Going through proper therapy at the beginning helps you avoid transmitting fear to children and family.

Risk factor’s

The various risk factors are:

  • A close relative such as a father, mother or brother who has entomophobia runs the risk of developing fear.
  • If a traumatic incident has been experienced in the past.
  • Specific phobias develop even at the age of 10, so the person becomes antisocial and cannot interact with people.

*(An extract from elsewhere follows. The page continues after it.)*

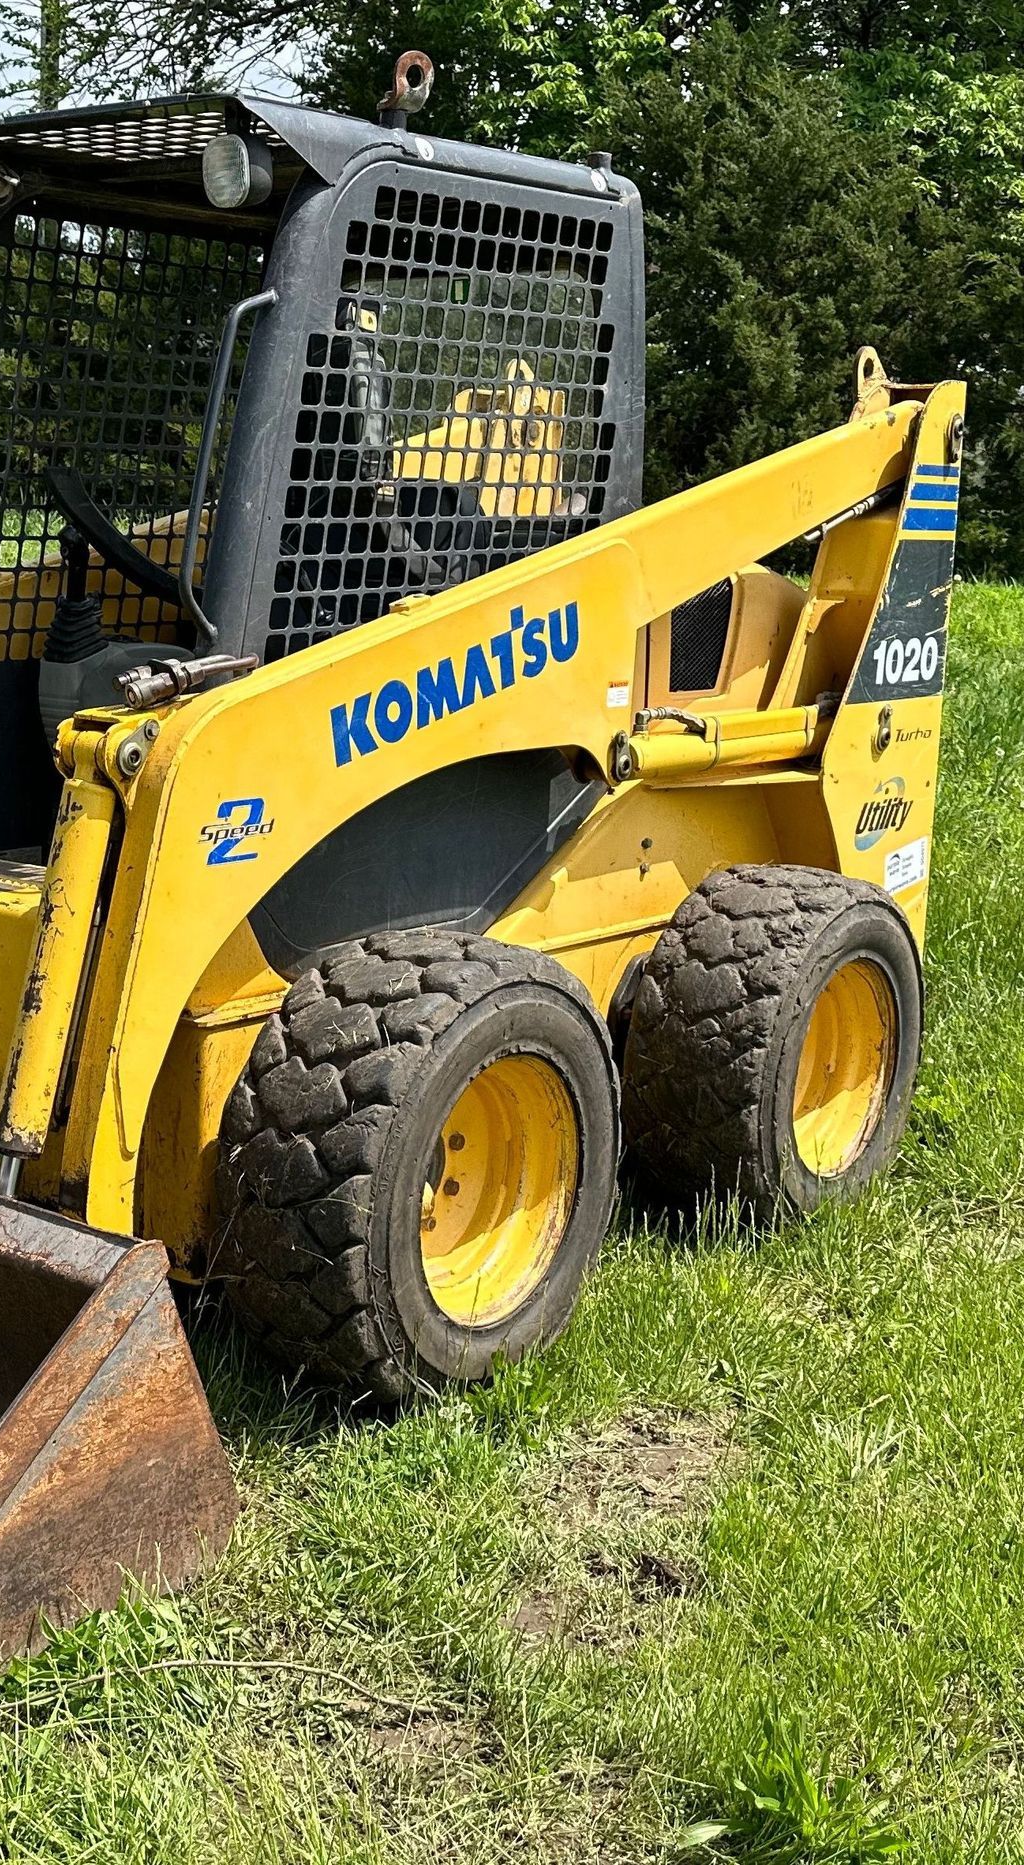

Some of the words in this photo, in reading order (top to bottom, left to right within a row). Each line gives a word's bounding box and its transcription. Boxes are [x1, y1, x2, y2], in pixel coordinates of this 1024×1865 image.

Complications of entomophobia

The patient suffering from entomophobia can have many complications, such as:

  • Avoid any kind of social interaction and think that people might laugh at him. This action can create a distance from your social circles and lead to loneliness.
  • A complication of entomophobia ranges from depression to the development of anxiety disorders.
  • Choosing options like drug abuse to cope with the stress caused by fear.


The time it takes to recover from entomophobia or fear of insects depends on the type of treatment or therapy you undergo.

The doctor will inform the patient, how long the treatment will last and if there are chances of reappearance of the phobia.